===== Information shown

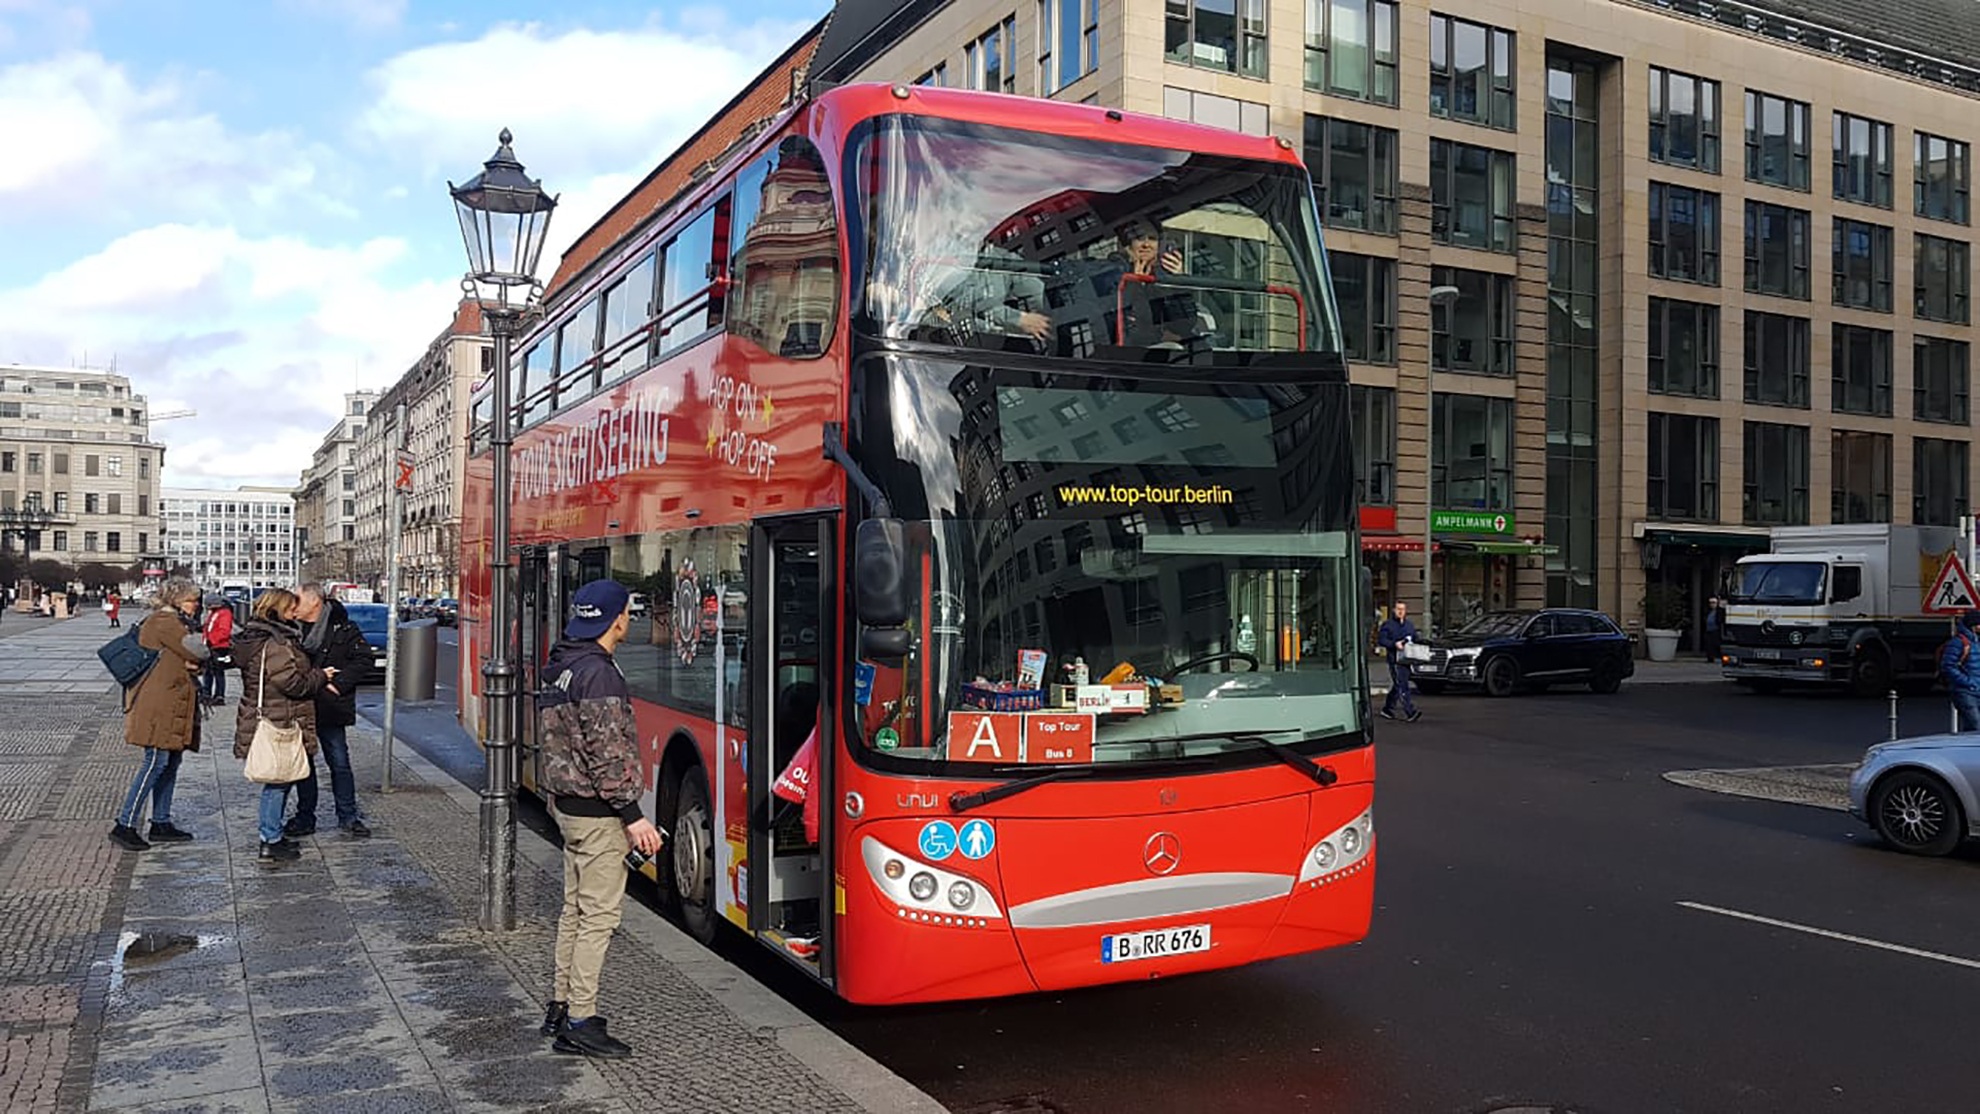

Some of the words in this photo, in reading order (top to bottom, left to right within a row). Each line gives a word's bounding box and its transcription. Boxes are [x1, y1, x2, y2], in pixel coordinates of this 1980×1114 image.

[708, 375, 734, 411] HOP
[735, 382, 757, 421] ON
[519, 438, 551, 502] TOUR
[553, 386, 669, 493] SIGHTSEEING
[718, 427, 746, 467] HOP
[747, 438, 777, 483] OFF
[1059, 484, 1233, 507] www.top-tour.berlin
[1435, 515, 1493, 529] AMPELMANN
[966, 716, 1002, 758] A
[1038, 721, 1057, 734] Top
[1059, 721, 1081, 732] Tour
[1045, 748, 1065, 759] Bus
[1119, 938, 1131, 958] B
[1143, 932, 1167, 955] RR
[1171, 928, 1203, 951] 676
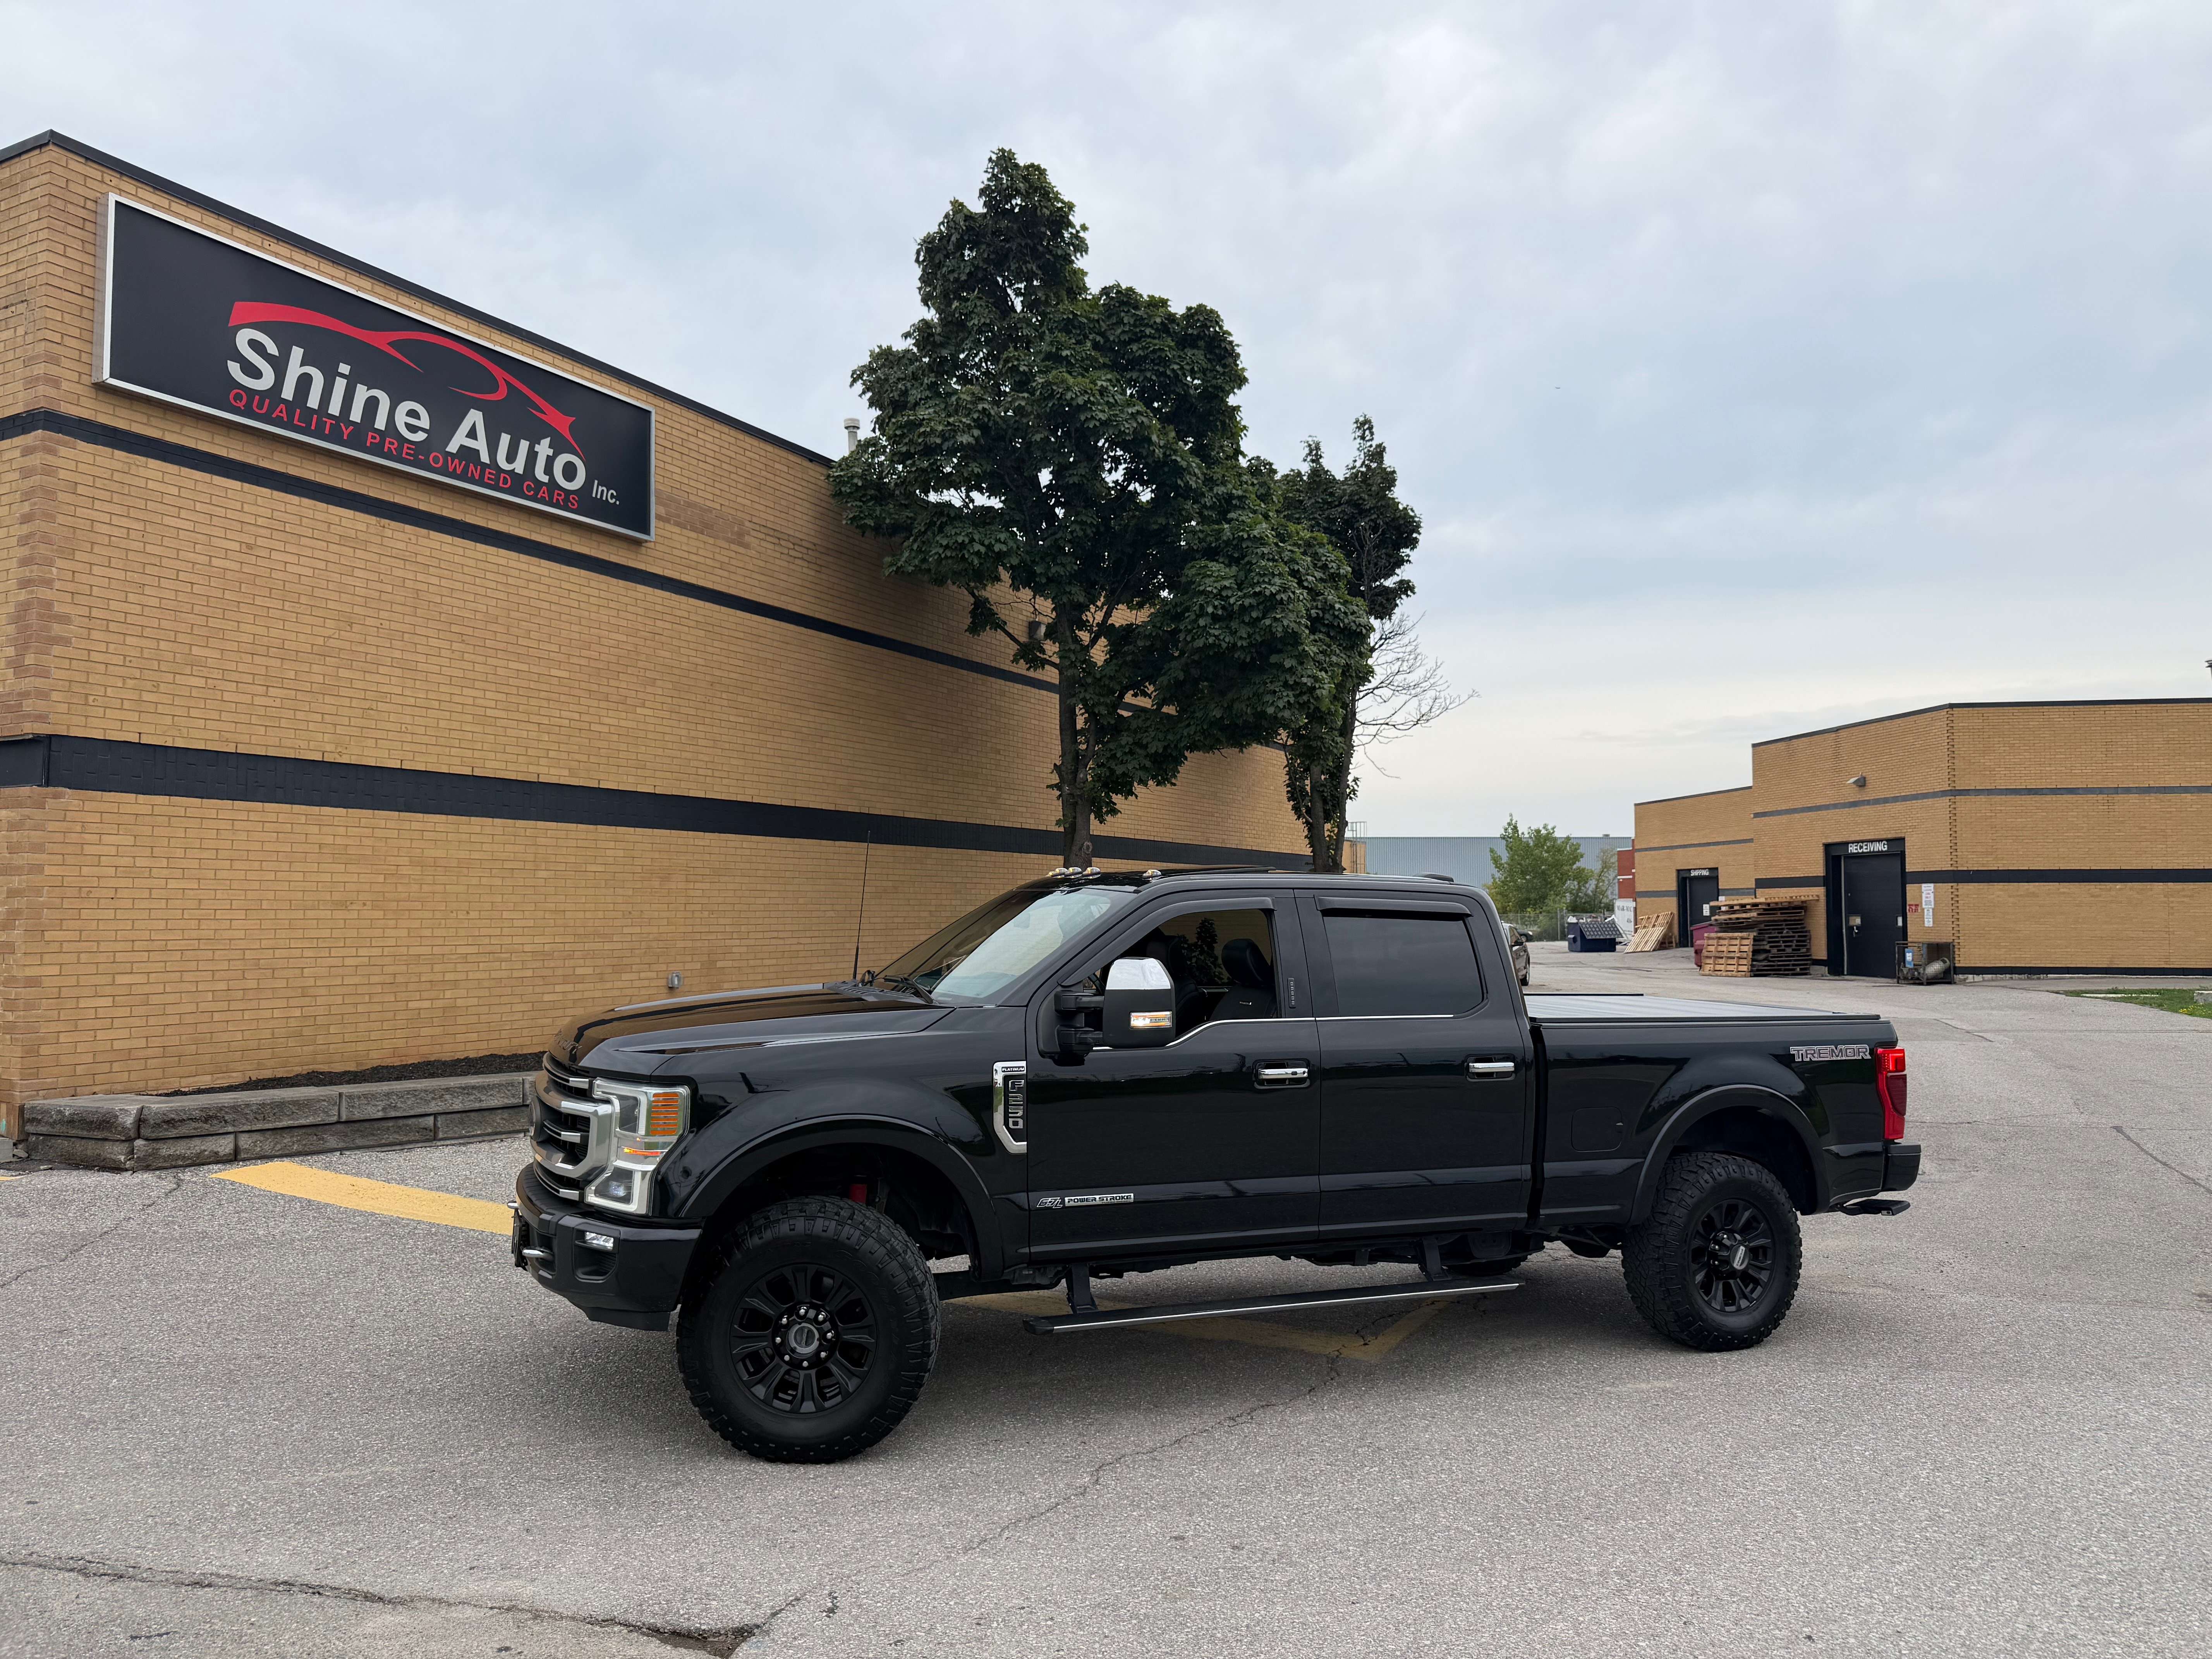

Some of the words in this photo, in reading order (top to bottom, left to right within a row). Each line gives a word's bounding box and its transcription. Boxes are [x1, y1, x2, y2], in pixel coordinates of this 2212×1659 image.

[227, 328, 430, 442] Shine
[445, 409, 586, 491] Auto
[592, 479, 620, 505] Inc.
[229, 389, 354, 440] QUALITY
[366, 432, 512, 488] PRE-OWNED
[523, 481, 579, 509] CARS
[1848, 840, 1887, 853] RECEIVING
[1790, 1044, 1872, 1061] TREMOR
[1008, 1080, 1025, 1129] F250

==========

* **Task description**: May I have exactly the lines from the one containing "this 2212×1659 image." through the last line of the data, both included?

* **Answer**:
Some of the words in this photo, in reading order (top to bottom, left to right within a row). Each line gives a word's bounding box and its transcription. Boxes are [x1, y1, x2, y2], in pixel coordinates of this 2212×1659 image.

[227, 328, 430, 442] Shine
[445, 409, 586, 491] Auto
[592, 479, 620, 505] Inc.
[229, 389, 354, 440] QUALITY
[366, 432, 512, 488] PRE-OWNED
[523, 481, 579, 509] CARS
[1848, 840, 1887, 853] RECEIVING
[1790, 1044, 1872, 1061] TREMOR
[1008, 1080, 1025, 1129] F250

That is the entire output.